Prompt: Here are some records; return them all exactly.

[Dataset excerpts Boundary: Start]

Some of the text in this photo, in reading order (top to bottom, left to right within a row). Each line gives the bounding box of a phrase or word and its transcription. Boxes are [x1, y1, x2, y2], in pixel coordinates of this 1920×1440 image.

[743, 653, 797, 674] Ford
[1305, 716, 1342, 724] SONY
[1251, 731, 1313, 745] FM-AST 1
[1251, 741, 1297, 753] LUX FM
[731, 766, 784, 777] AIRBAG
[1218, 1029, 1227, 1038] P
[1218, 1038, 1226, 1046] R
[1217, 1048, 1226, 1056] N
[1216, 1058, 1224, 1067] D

[Dataset excerpts Boundary: End]

Worked solution:
Some of the text in this photo, in reading order (top to bottom, left to right within a row). Each line gives the bounding box of a phrase or word and its transcription. Boxes are [x1, y1, x2, y2], in pixel coordinates of this 1920×1440 image.

[743, 653, 797, 674] Ford
[1305, 716, 1342, 724] SONY
[1251, 731, 1313, 745] FM-AST 1
[1251, 741, 1297, 753] LUX FM
[731, 766, 784, 777] AIRBAG
[1218, 1029, 1227, 1038] P
[1218, 1038, 1226, 1046] R
[1217, 1048, 1226, 1056] N
[1216, 1058, 1224, 1067] D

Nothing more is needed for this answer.